But after staring at debug logs and playing with SystemTap scripts for
a (long) while, I figured out that neither GDB, nor the kernel nor the
test's program itself are at fault.
The problem is simply that the testsuite machinery is currently
subject to PID-reuse races. The attach-many-short-lived-threads.c
test program just happens to be much more susceptible to trigger this
race because threads and processes share the same number space on
Linux, and the test spawns many many short lived threads in
succession, thus enlarging the race window a lot.
Part of the problem is that several tests spawn processes with "exec&"
(in order to test the "attach" command) , and then at the end of the
test, to make sure things are cleaned up, issue a 'remote_spawn "kill
-p $testpid"'. Since with tcl's "exec&", tcl itself is responsible
for reaping the process's exit status, when we go kill the process,
testpid may have already exited _and_ its status may have (and often
has) been reaped already. Thus it can happen that another process
meanwhile reuses $testpid, and that "kill" command kills the wrong
process... Frequently, that happens to be
attach-many-short-lived-thread, but this explains other test's races
as well.
In the attach-many-short-lived-threads test, it sometimes manifests
like this:
(gdb) file /home/pedro/gdb/mygit/build/gdb/testsuite/gdb.threads/attach-many-short-lived-threads
Reading symbols from /home/pedro/gdb/mygit/build/gdb/testsuite/gdb.threads/attach-many-short-lived-threads...done.

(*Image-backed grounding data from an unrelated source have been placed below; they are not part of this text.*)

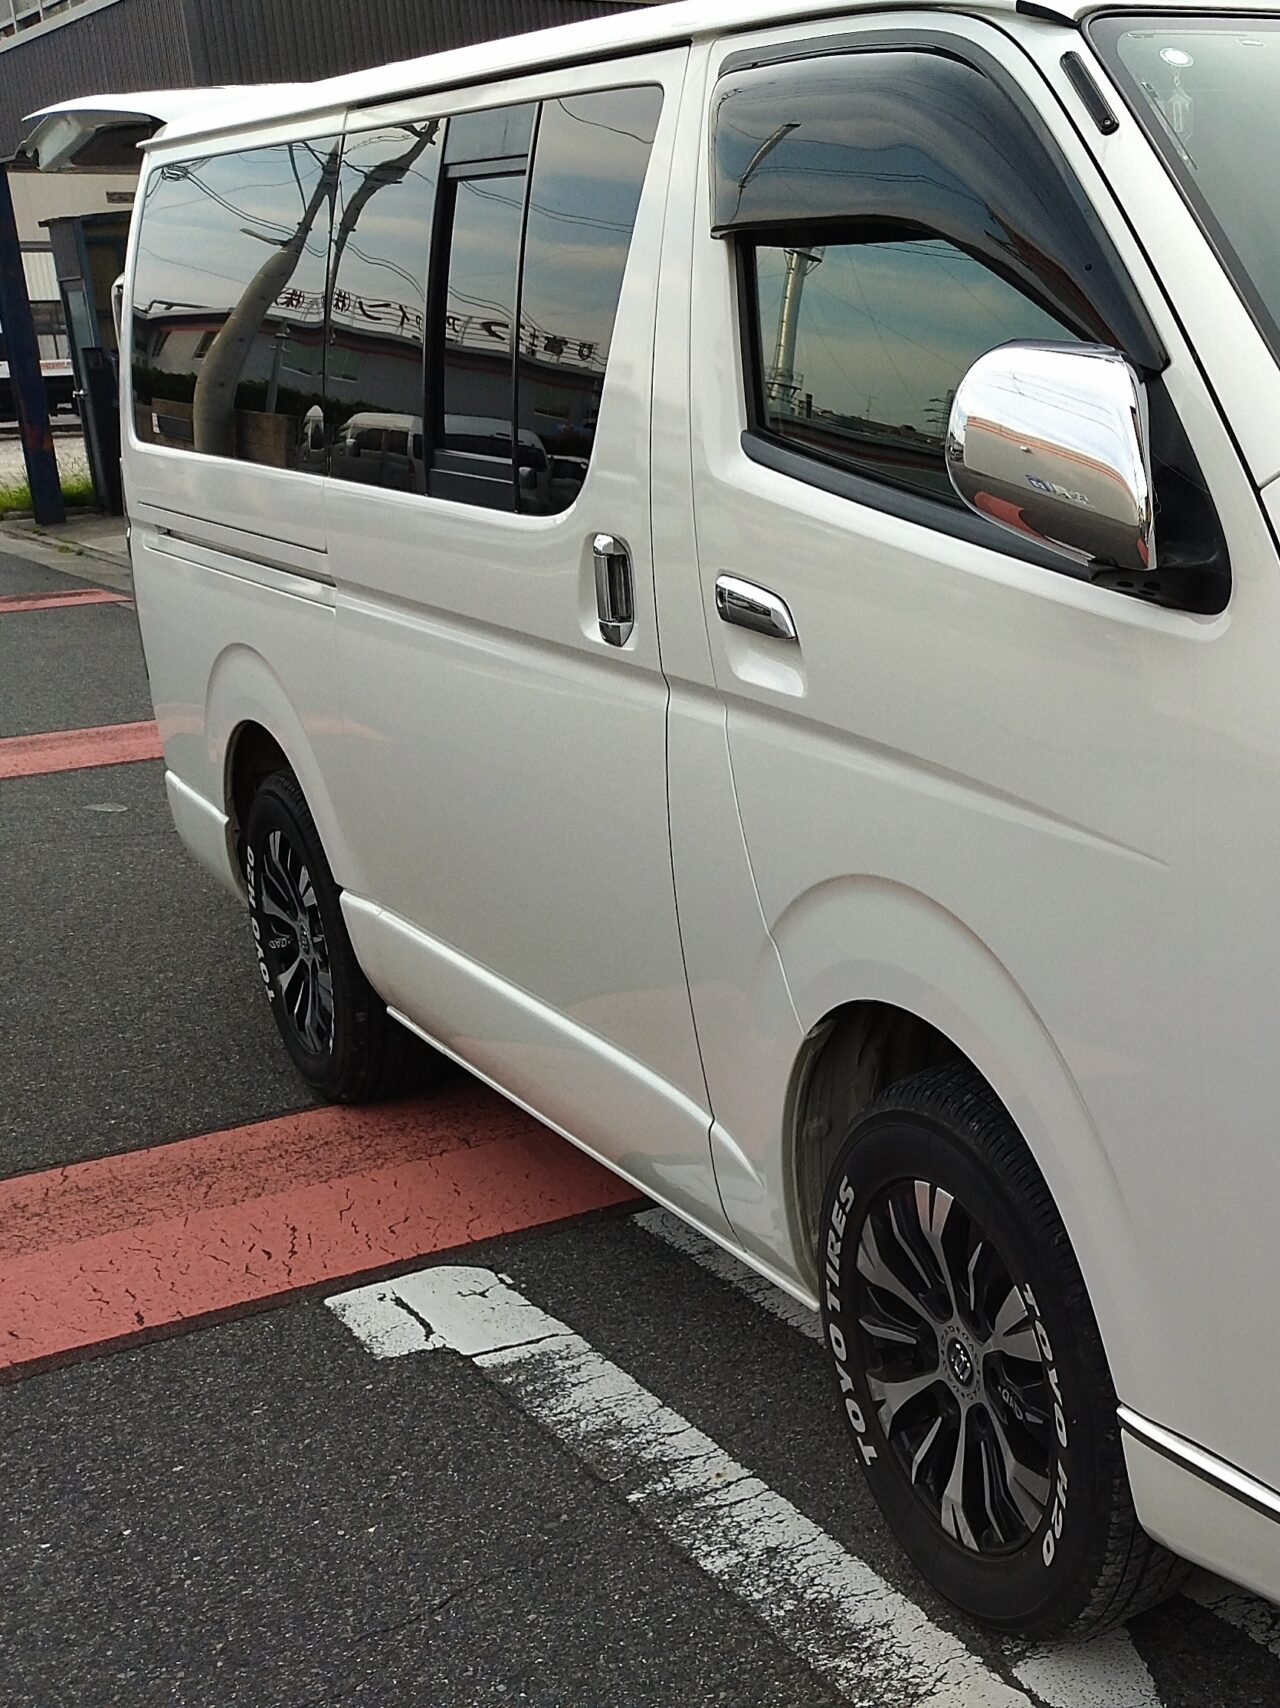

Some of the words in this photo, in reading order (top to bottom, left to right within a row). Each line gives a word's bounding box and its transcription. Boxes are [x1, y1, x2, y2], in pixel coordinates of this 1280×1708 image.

[251, 917, 275, 1002] TOYO
[826, 1175, 856, 1312] TIRES
[829, 1323, 878, 1466] TOYO
[1022, 1283, 1067, 1448] TOYO
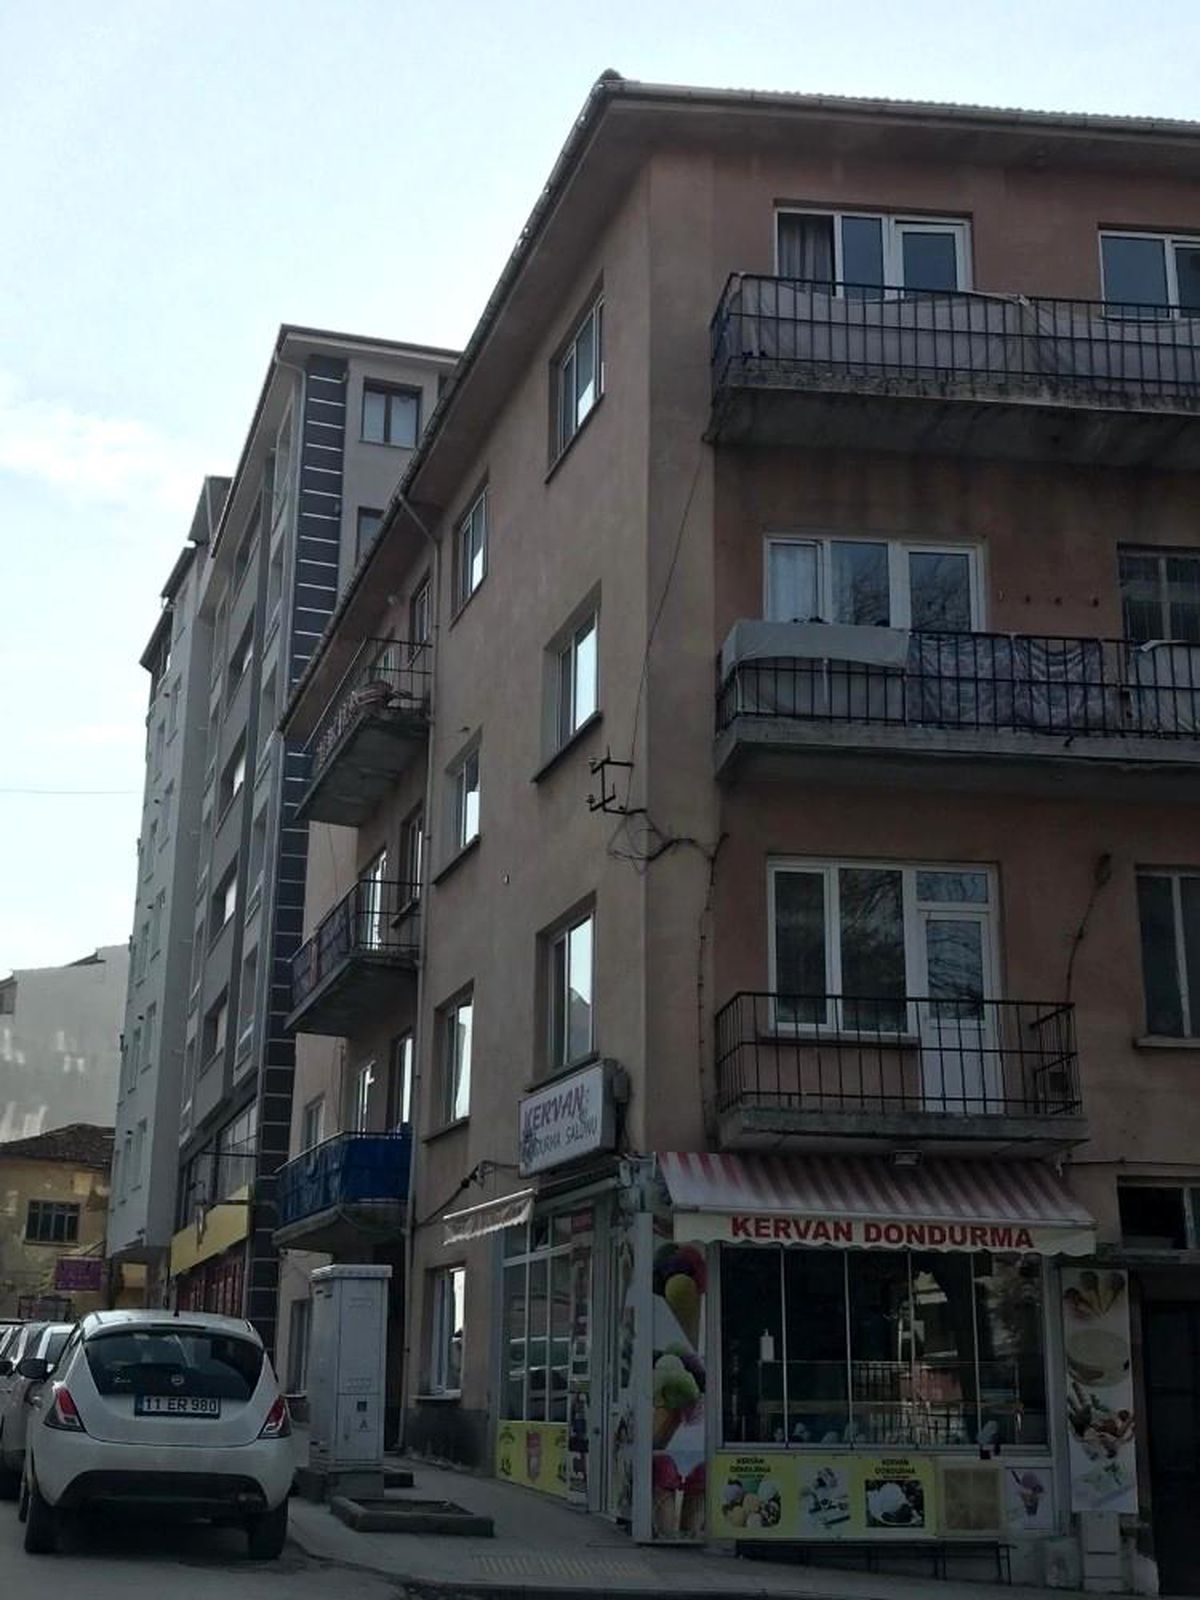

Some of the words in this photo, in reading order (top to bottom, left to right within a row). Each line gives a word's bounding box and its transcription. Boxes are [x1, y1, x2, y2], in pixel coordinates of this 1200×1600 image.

[524, 1084, 584, 1132] KERVAN
[732, 1215, 852, 1242] KERVAN
[863, 1223, 1034, 1249] DONDURMA
[146, 1398, 160, 1410] 11
[168, 1398, 187, 1411] ER
[191, 1399, 217, 1412] 980

(gdb) Loaded /home/pedro/gdb/mygit/build/gdb/testsuite/gdb.threads/attach-many-short-lived-threads into /home/pedro/gdb/mygit/build/gdb/testsuite/../../gdb/gdb
attach 5940
Attaching to program: /home/pedro/gdb/mygit/build/gdb/testsuite/gdb.threads/attach-many-short-lived-threads, process 5940
warning: process 5940 is a zombie - the process has already terminated
^^^^^^^^^^^^^^^^^^^^^^^^^^^^^^^^^^^^^^^^^^^^^^^^^^^^^^^^^^^^^^^^^^^^^^
ptrace: Operation not permitted.
(gdb) PASS: gdb.threads/attach-many-short-lived-threads.exp: iter 1: attach
info threads
No threads.
(gdb) PASS: gdb.threads/attach-many-short-lived-threads.exp: iter 1: no new threads
set breakpoint always-inserted on
(gdb) PASS: gdb.threads/attach-many-short-lived-threads.exp: iter 1: set breakpoint always-inserted on
Other times the process dies while the test is ongoing (the process is
ptrace-stopped):
(gdb) print again = 1
Cannot access memory at address 0x6020cc
(gdb) FAIL: gdb.threads/attach-many-short-lived-threads.exp: iter 2: reset timer in the inferior
(Recall that on Linux, SIGKILL is not interceptable)

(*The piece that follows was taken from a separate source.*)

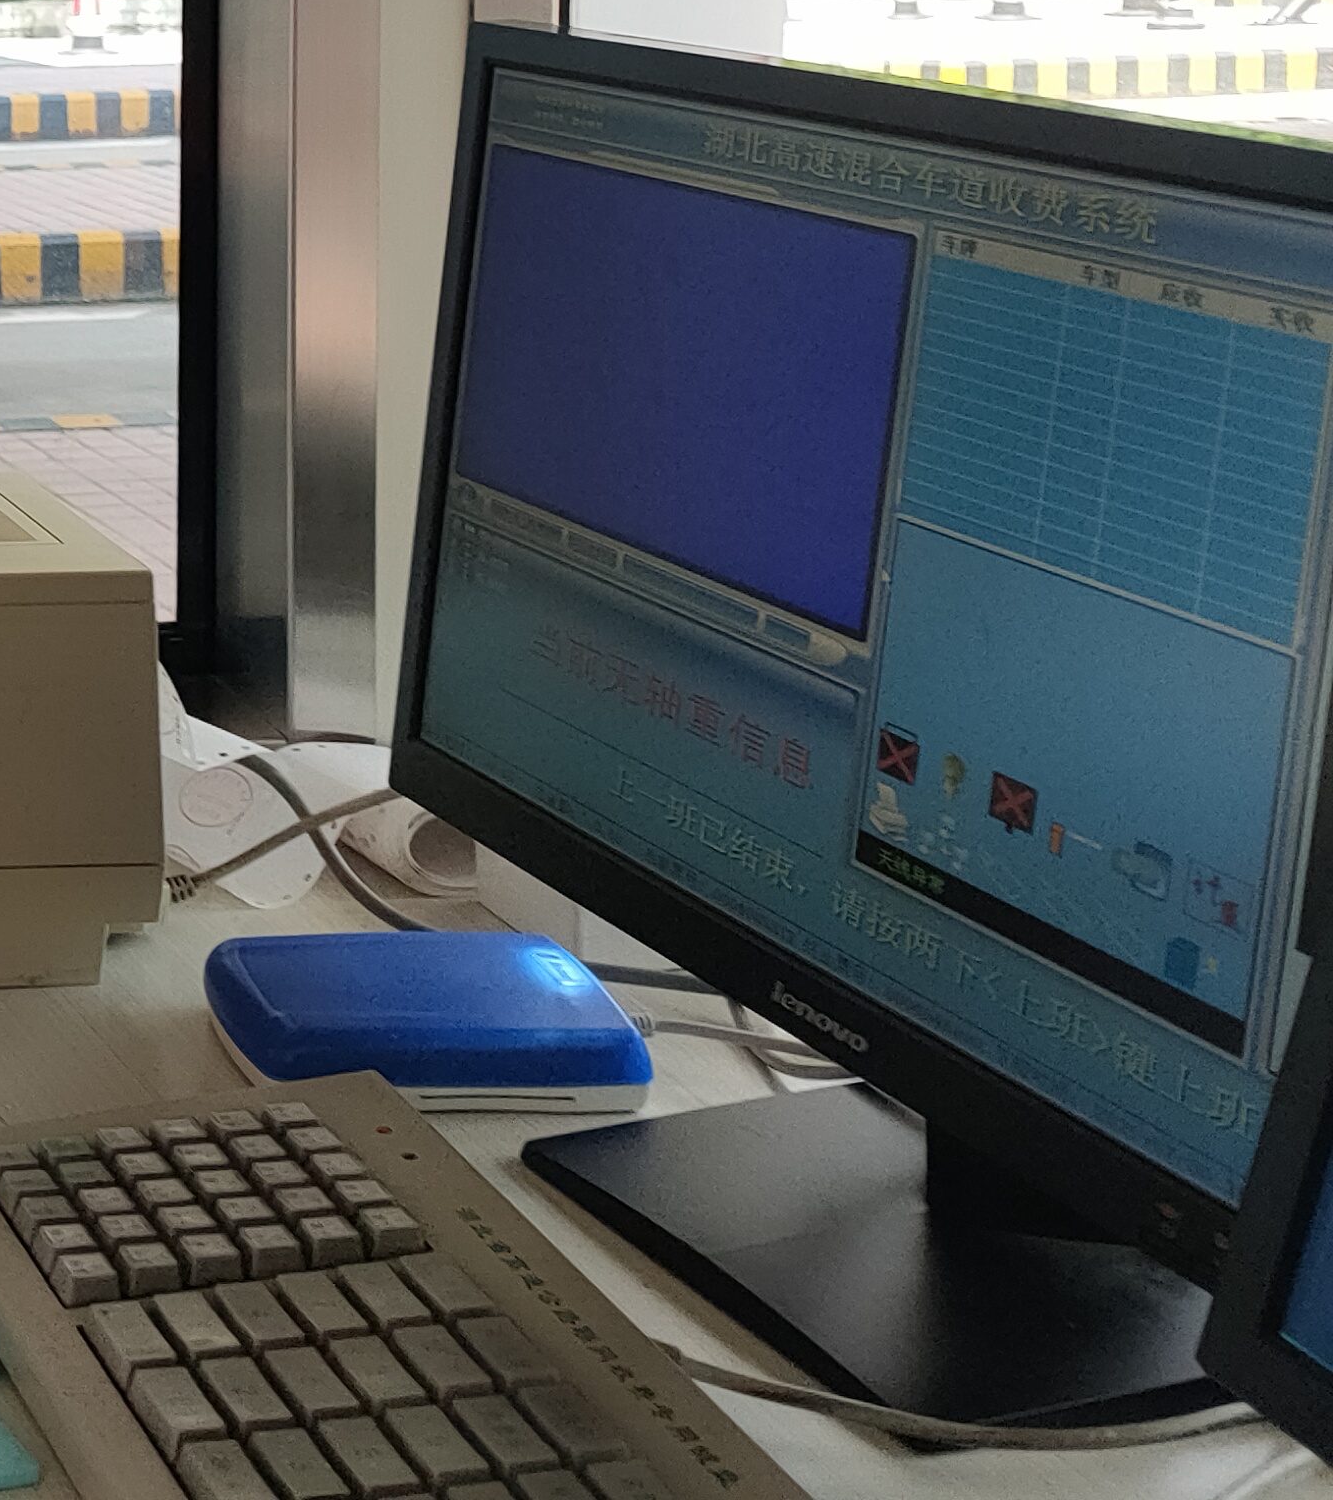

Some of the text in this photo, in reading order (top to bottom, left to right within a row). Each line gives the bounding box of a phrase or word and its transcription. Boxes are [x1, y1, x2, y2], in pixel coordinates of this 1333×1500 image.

[702, 123, 1158, 245] 湖北高速混合车道收费系统
[528, 623, 814, 791] 当前无轴重信息
[770, 979, 870, 1053] lenovo

And other times it dies just while we're detaching:
$4 = 319
(gdb) PASS: gdb.threads/attach-many-short-lived-threads.exp: iter 2: print seconds_left
detach
Can't detach Thread 0x7fb13b7de700 (LWP 1842): No such process
(gdb) FAIL: gdb.threads/attach-many-short-lived-threads.exp: iter 2: detach
GDB mishandles the latter (it should ignore ESRCH while detaching just
like when continuing), but that's another story.
The fix here is to change spawn_wait_for_attach to use Expect's
'spawn' command instead of Tcl's 'exec&' to spawn programs, because
with spawn we control when to wait for/reap the process. That allows
killing the process by PID without being subject to pid-reuse races,
because even if the process is already dead, the kernel won't reuse
the process's PID until the zombie is reaped.

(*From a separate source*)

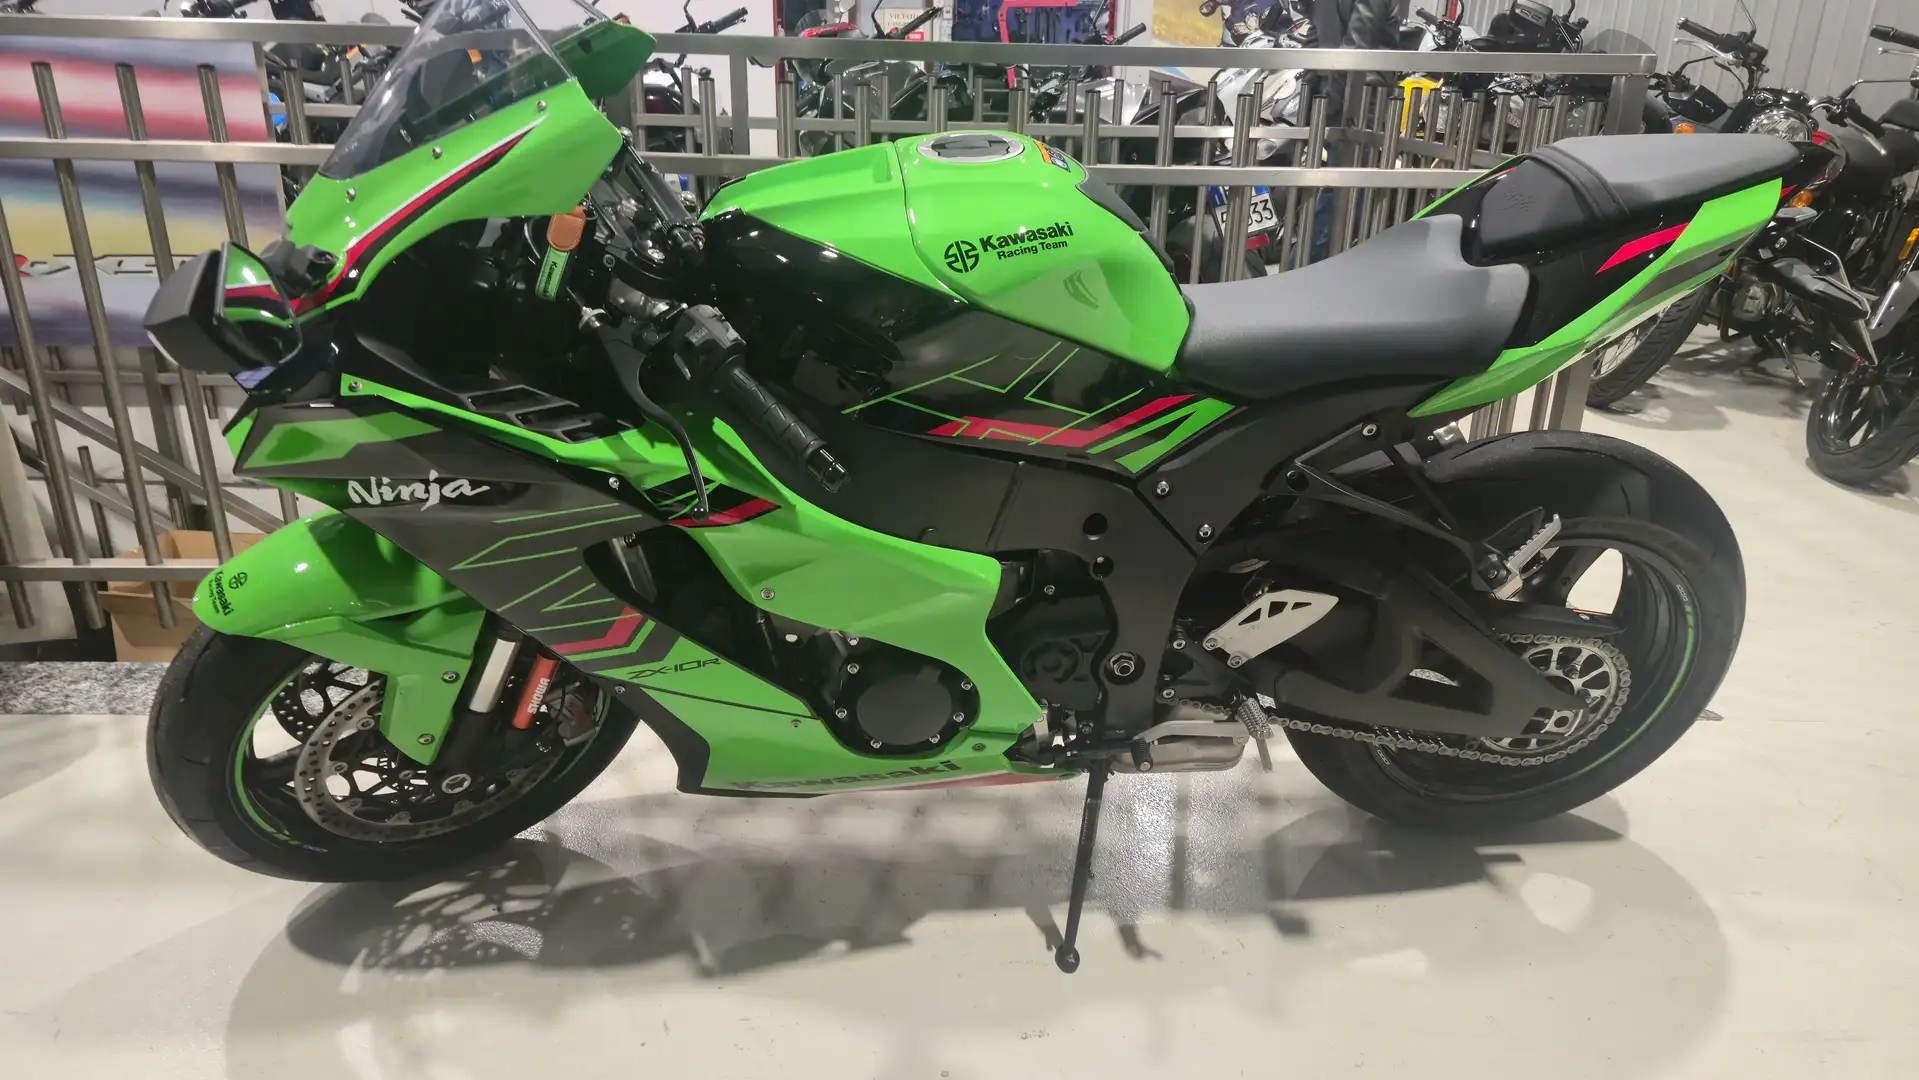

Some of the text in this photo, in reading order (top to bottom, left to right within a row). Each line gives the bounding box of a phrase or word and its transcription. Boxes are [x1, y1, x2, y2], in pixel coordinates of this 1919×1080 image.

The other part of the problem lies in DejaGnu itself, unfortunately.
I have occasionally seen tests (attach-many-short-lived-threads
included, but not only that one) die with a random inexplicable
SIGTERM too, and that too is caused by the same reason, except that in
that case, the rogue SIGTERM is sent from this bit in DejaGnu's remote.exp:
exec sh -c "exec > /dev/null 2>&1 && (kill -2 $pgid || kill -2 $pid) && sleep 5 && (kill $pgid || kill $pid) && sleep 5 && (kill -9 $pgid || kill -9 $pid) &"
...
catch "wait -i $shell_id"
Even if the program exits promptly, that whole cascade of kills
carries on in the background, thus potentially killing the poor
process that manages to reuse $pid...
I sent a fix for that to the DejaGnu list:
http://lists.gnu.org/archive/html/dejagnu/2015-07/msg00000.html
With both patches in place, I haven't seen
attach-many-short-lived-threads.exp fail again.
Tested on x86_64 Fedora 20, native, gdbserver and extended-gdbserver.
gdb/testsuite/ChangeLog:
2015-07-31 Pedro Alves <palves@redhat.com>
* gdb.base/attach-pie-misread.exp: Rename $res to $test_spawn_id.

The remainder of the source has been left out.